Your response should consist solely of the lines from the one containing "Some of the text" through the end of the data, copied exactly.
Segment Open
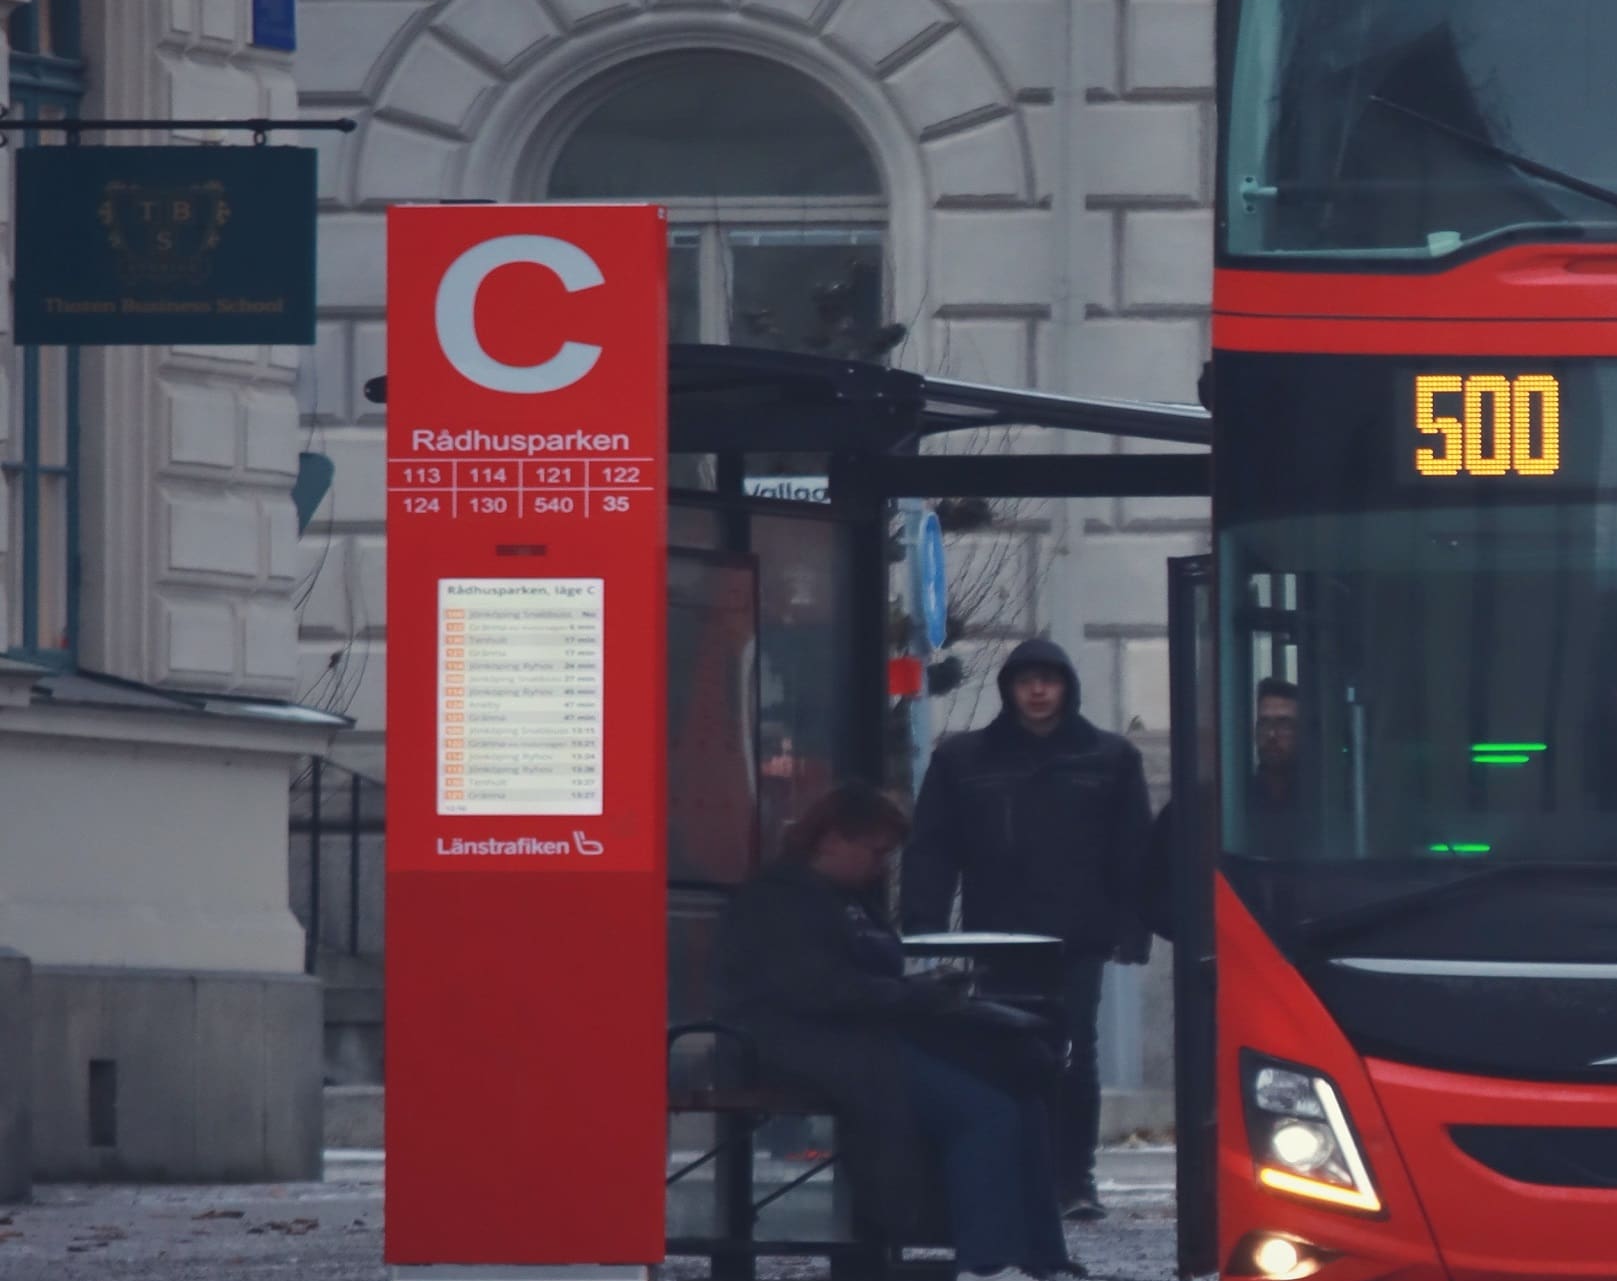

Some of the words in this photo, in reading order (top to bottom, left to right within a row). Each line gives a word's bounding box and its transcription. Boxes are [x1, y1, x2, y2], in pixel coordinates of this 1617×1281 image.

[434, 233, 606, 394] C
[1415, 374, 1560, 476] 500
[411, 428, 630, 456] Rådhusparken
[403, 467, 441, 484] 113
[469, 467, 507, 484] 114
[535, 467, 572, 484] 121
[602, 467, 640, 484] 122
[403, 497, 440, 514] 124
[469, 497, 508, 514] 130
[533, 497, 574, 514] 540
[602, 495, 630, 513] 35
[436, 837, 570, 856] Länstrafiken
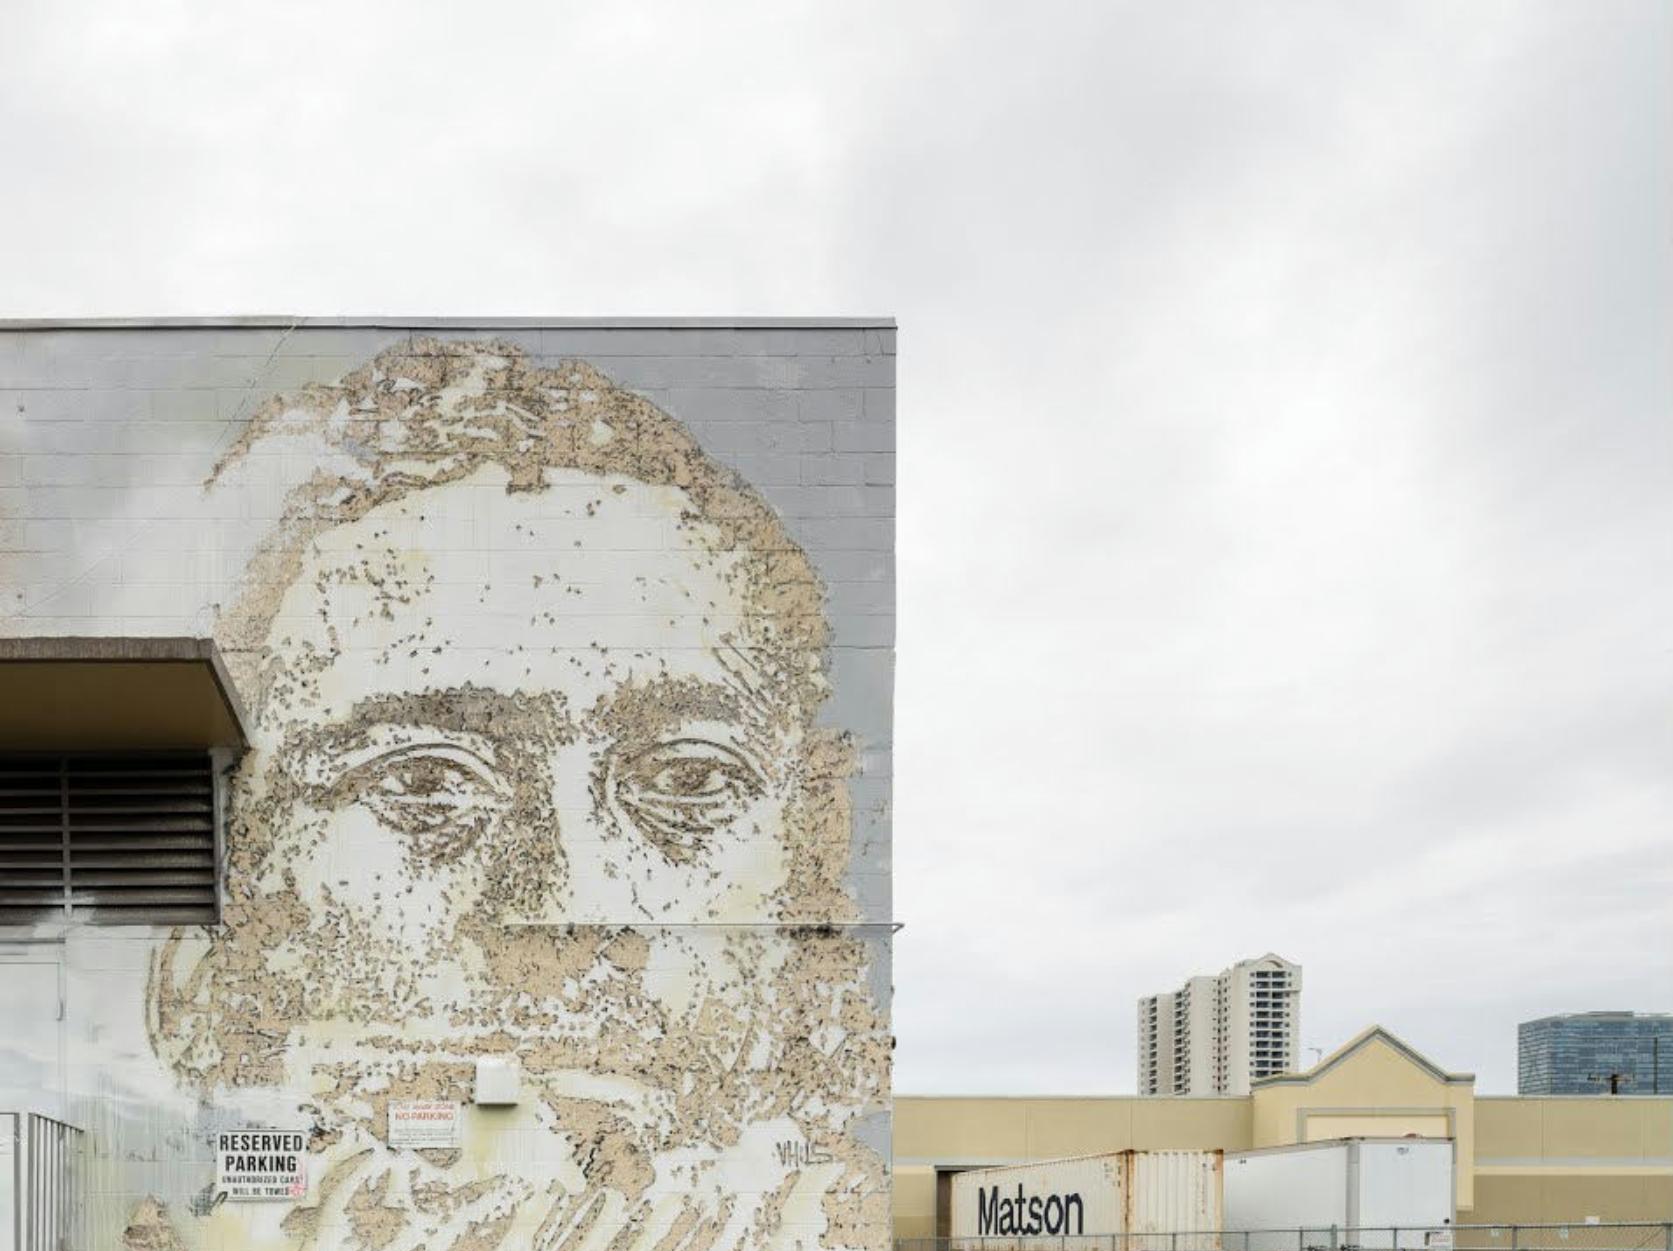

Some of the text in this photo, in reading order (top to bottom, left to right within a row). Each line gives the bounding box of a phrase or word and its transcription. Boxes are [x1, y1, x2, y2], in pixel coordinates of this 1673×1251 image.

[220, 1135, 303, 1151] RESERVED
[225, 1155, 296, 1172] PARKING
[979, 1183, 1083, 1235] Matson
Segment Closed
▶ _EXERCISE RESULT_
Some of the text in this photo, in reading order (top to bottom, left to right within a row). Each line gives the bounding box of a phrase or word and its transcription. Boxes are [x1, y1, x2, y2], in pixel coordinates of this 1673×1251 image.

[220, 1135, 303, 1151] RESERVED
[225, 1155, 296, 1172] PARKING
[979, 1183, 1083, 1235] Matson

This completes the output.